Our credit scores are the number generated by FICO’s proprietary formula that put us in a range of good or bad credit. That score is based on a ton of accurate (or possibly inaccurate) information collected from banks and our financial lives that reflect on how we treat our money.
The 5 C’s are The characteristics of credit—character, capacity, capital, collateral, and conditions—that form a framework used by lenders to evaluate potential borrowers. They look at quantitative and qualitative factors.
Lenders want to know if we can pay our loans based on current cash flow. If we have other loans, how are we managing it. They will look at our budget , how much cash flow we have to pay for expenses, whether we are looking for loan for our household or a business. They will crunch numbers.
They will look at your personal investment in the home or small business you are hoping to get credit for. Bankers are more cautious about lending 90%+ to the borrower since the financial crisis when bankers were overly flexible.
Secured loans typically have lower interest rates than unsecured loans. Lenders will look at what the asset or the colllateral you are willing to put up when asking for the loan. A loan secured or backed by an asset is easier to get whether it is for a home, car, or a small business that may have some real estate or intellectual property.
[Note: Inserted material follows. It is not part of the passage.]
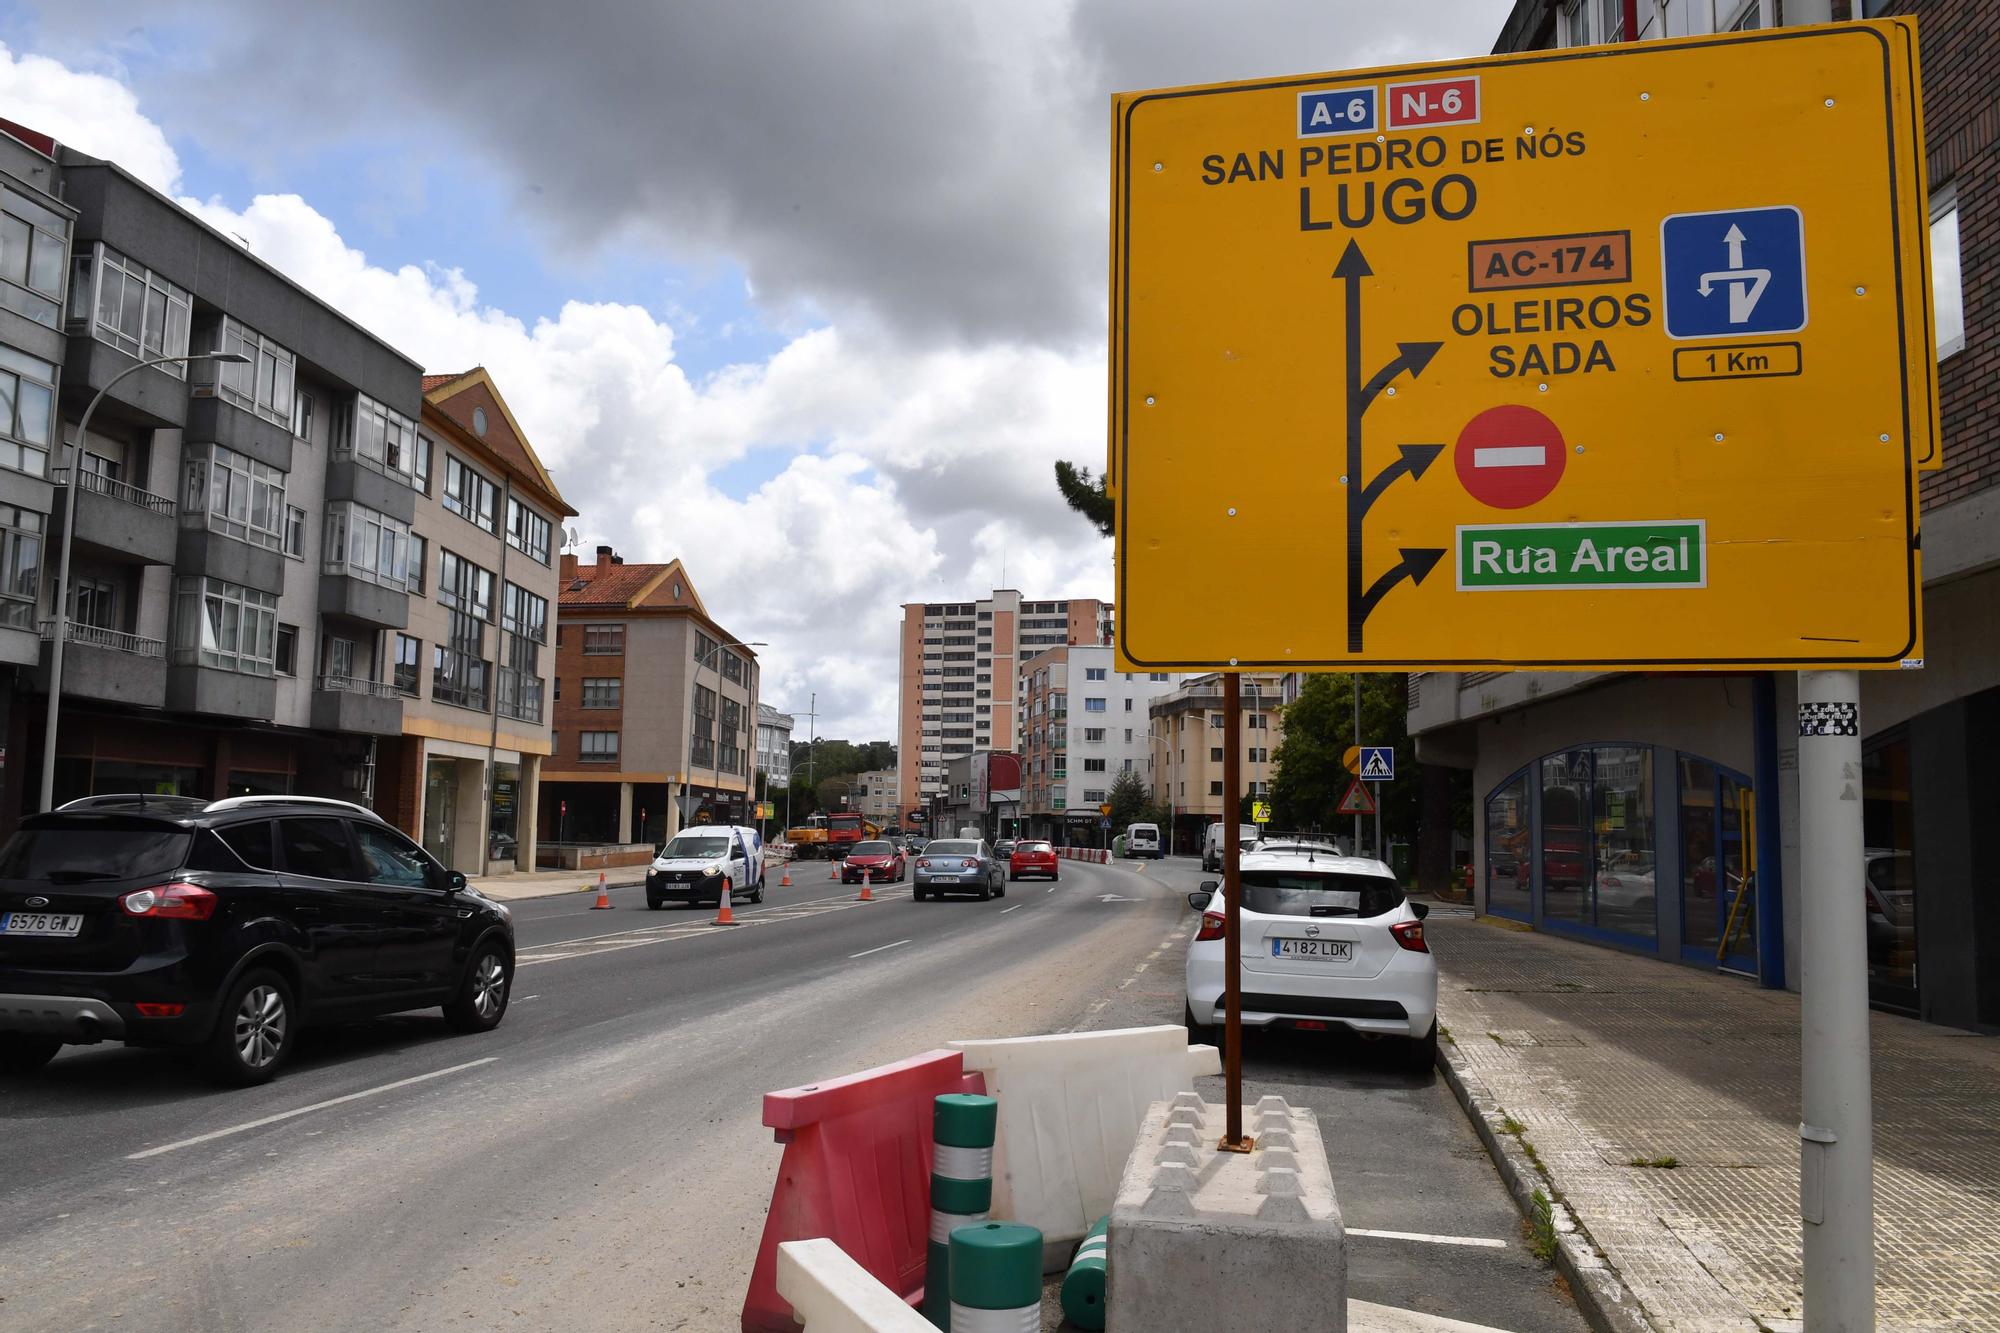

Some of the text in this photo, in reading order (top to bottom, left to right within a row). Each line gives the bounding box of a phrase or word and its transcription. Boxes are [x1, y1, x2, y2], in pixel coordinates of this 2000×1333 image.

The conditions refer to the composition of loan (amount of down payment, type of interest rate), and what is the borrower using the loan for. The lender will also take into account what are the external factors such as economy, industry.
Seven reasons you need your credit Report and scores
1. Know where you stand before you need financial decisions.
2. Buying a home.
3. Car loans and leases.
4. College loans.
5. Check for mistakes, identity theft and fraud.
6. Getting a job.
7. Renting an apartment.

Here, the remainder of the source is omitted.